INPUT –
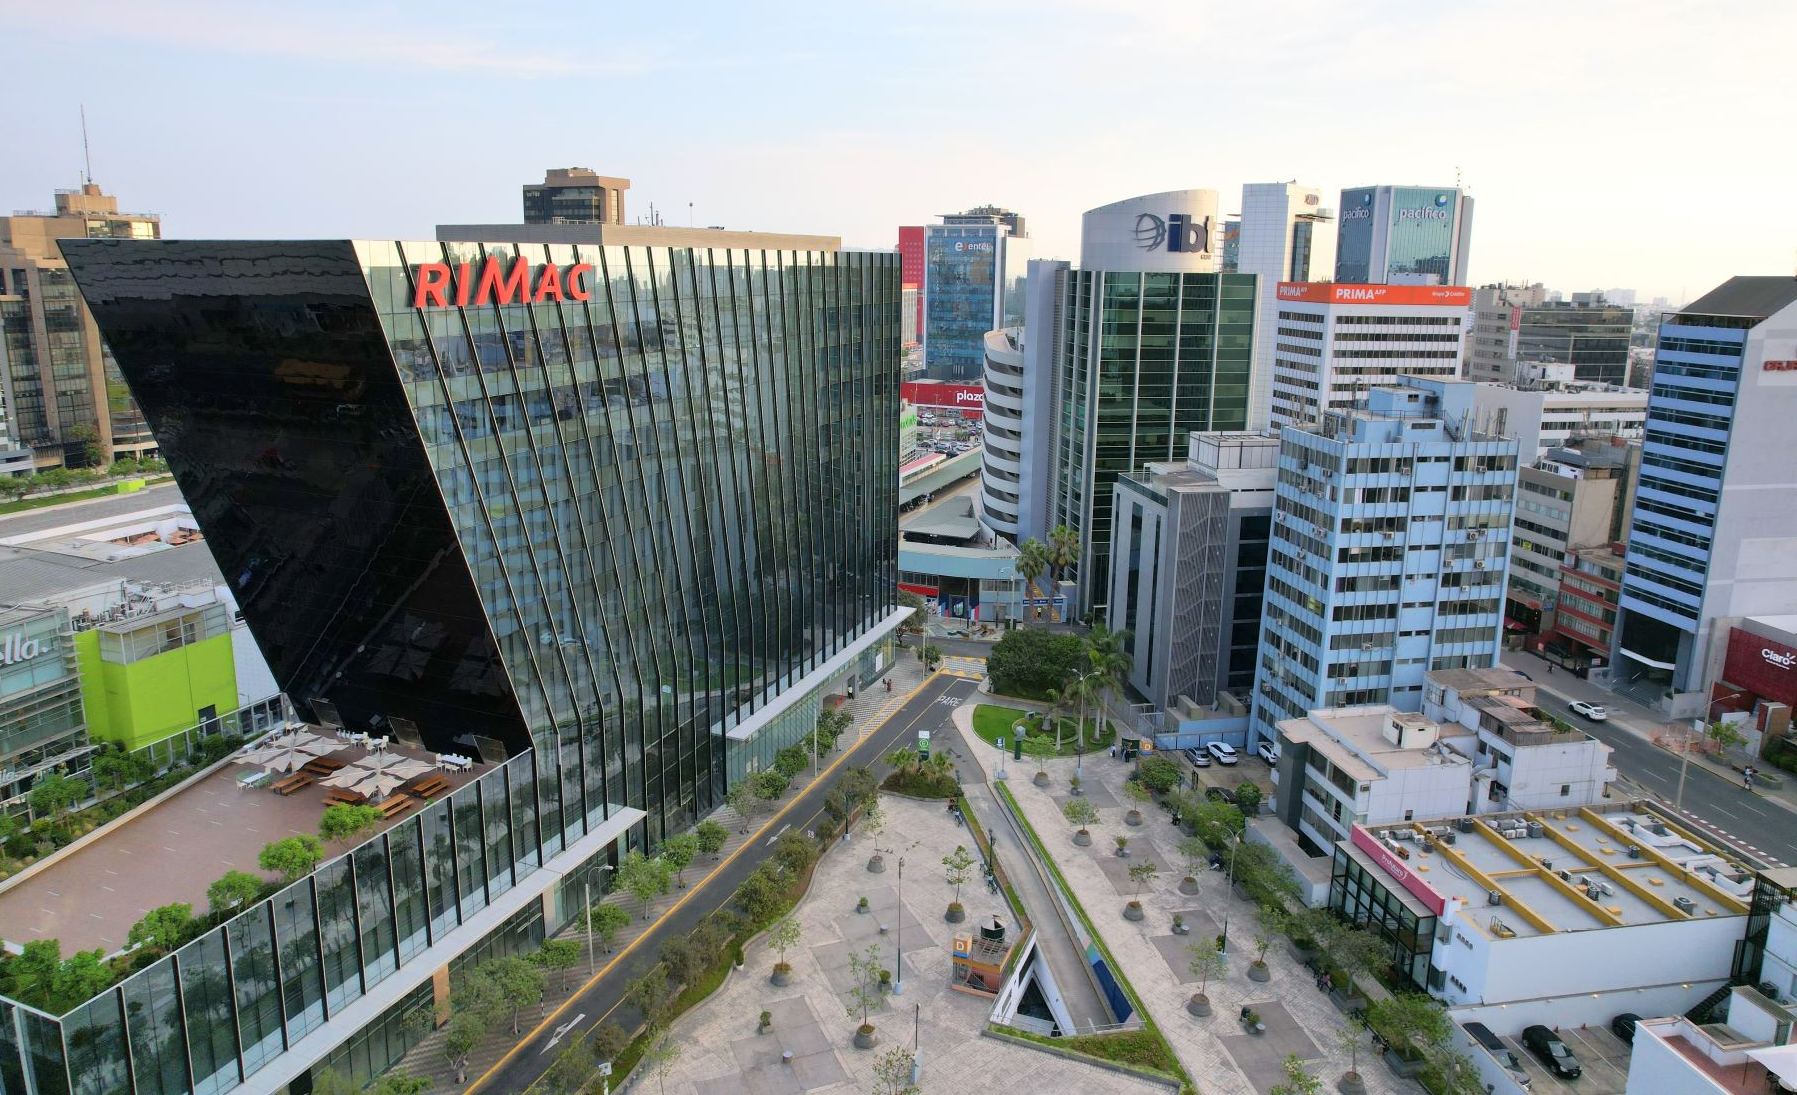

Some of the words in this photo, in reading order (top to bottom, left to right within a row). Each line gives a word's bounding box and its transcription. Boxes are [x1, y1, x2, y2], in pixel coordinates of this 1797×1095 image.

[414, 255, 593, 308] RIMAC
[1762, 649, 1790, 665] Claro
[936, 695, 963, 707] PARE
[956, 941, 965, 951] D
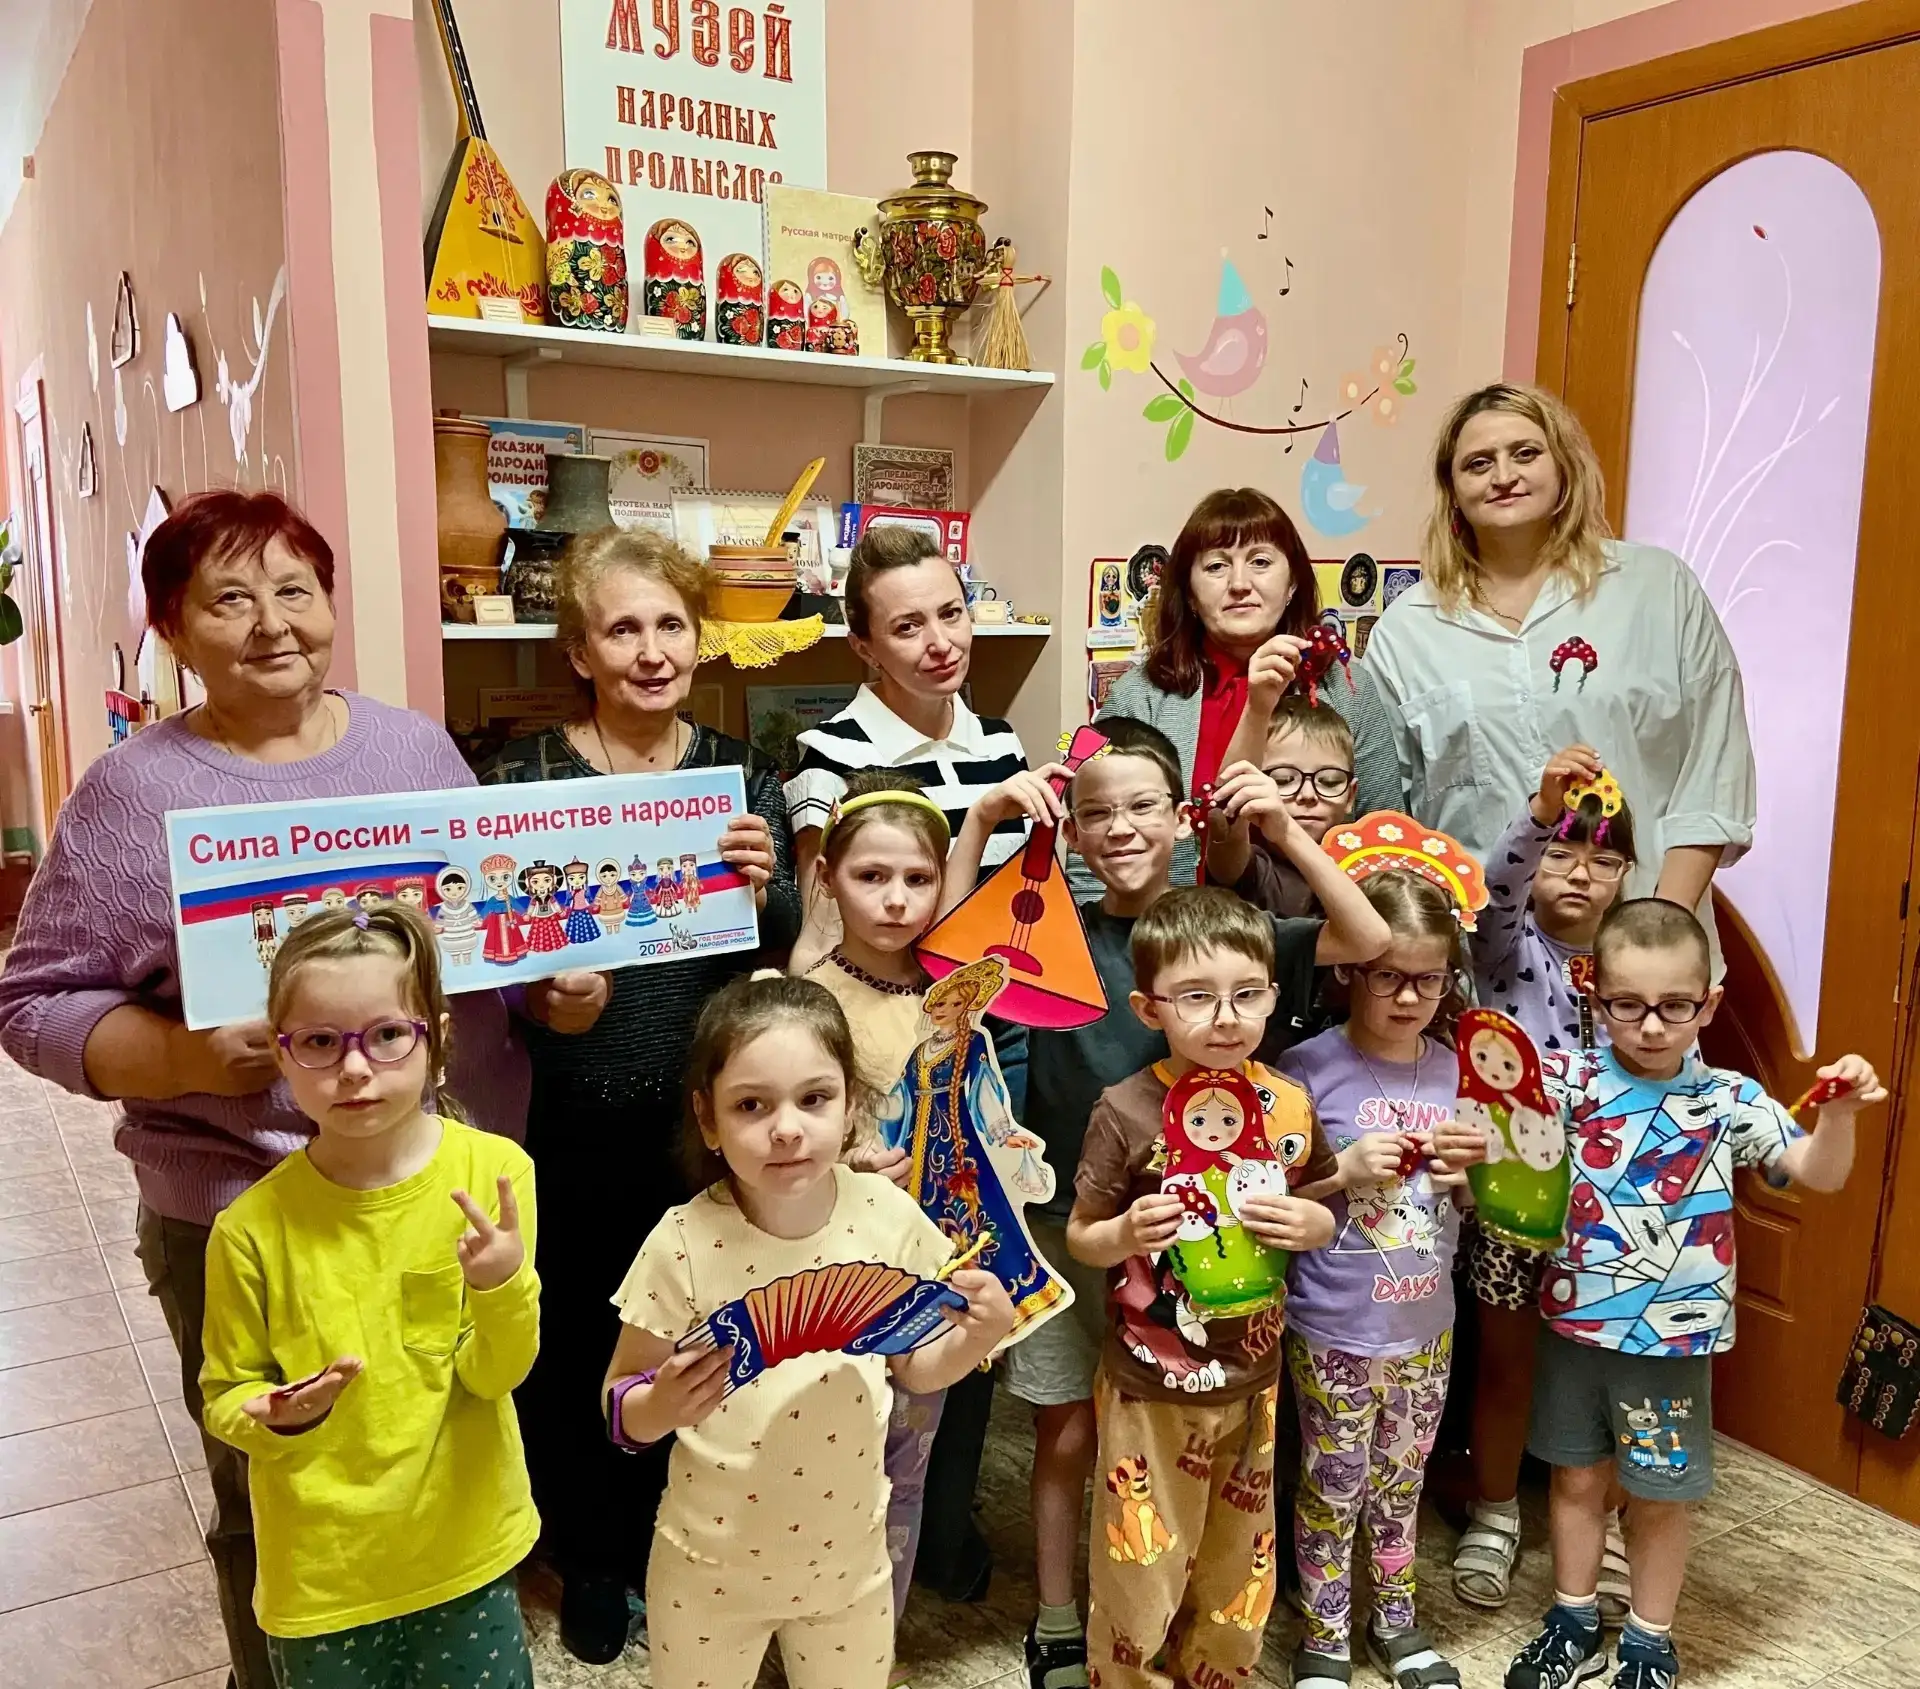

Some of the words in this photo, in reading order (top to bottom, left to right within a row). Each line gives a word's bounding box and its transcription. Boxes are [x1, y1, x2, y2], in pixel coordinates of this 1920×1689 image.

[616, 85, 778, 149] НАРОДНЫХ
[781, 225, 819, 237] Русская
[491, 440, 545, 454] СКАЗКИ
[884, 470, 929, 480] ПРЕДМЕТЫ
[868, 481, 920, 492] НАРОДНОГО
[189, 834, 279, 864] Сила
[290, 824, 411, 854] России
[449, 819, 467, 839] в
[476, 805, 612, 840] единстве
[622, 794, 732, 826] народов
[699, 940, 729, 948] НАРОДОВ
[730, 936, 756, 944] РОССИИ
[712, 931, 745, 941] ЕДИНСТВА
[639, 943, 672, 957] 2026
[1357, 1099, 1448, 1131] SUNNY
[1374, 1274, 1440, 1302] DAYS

WHAT YOU SHOULD DO – Once more, give the listing above exactly, leaving each picture out.

FINISHED EXERCISE –
Some of the words in this photo, in reading order (top to bottom, left to right within a row). Each line gives a word's bounding box and its transcription. Boxes are [x1, y1, x2, y2], in pixel coordinates of this 1797×1095 image.

[414, 255, 593, 308] RIMAC
[1762, 649, 1790, 665] Claro
[936, 695, 963, 707] PARE
[956, 941, 965, 951] D

Some of the words in this photo, in reading order (top to bottom, left to right within a row). Each line gives a word's bounding box and its transcription. Boxes are [x1, y1, x2, y2], in pixel coordinates of this 1920×1689 image.

[616, 85, 778, 149] НАРОДНЫХ
[781, 225, 819, 237] Русская
[491, 440, 545, 454] СКАЗКИ
[884, 470, 929, 480] ПРЕДМЕТЫ
[868, 481, 920, 492] НАРОДНОГО
[189, 834, 279, 864] Сила
[290, 824, 411, 854] России
[449, 819, 467, 839] в
[476, 805, 612, 840] единстве
[622, 794, 732, 826] народов
[699, 940, 729, 948] НАРОДОВ
[730, 936, 756, 944] РОССИИ
[712, 931, 745, 941] ЕДИНСТВА
[639, 943, 672, 957] 2026
[1357, 1099, 1448, 1131] SUNNY
[1374, 1274, 1440, 1302] DAYS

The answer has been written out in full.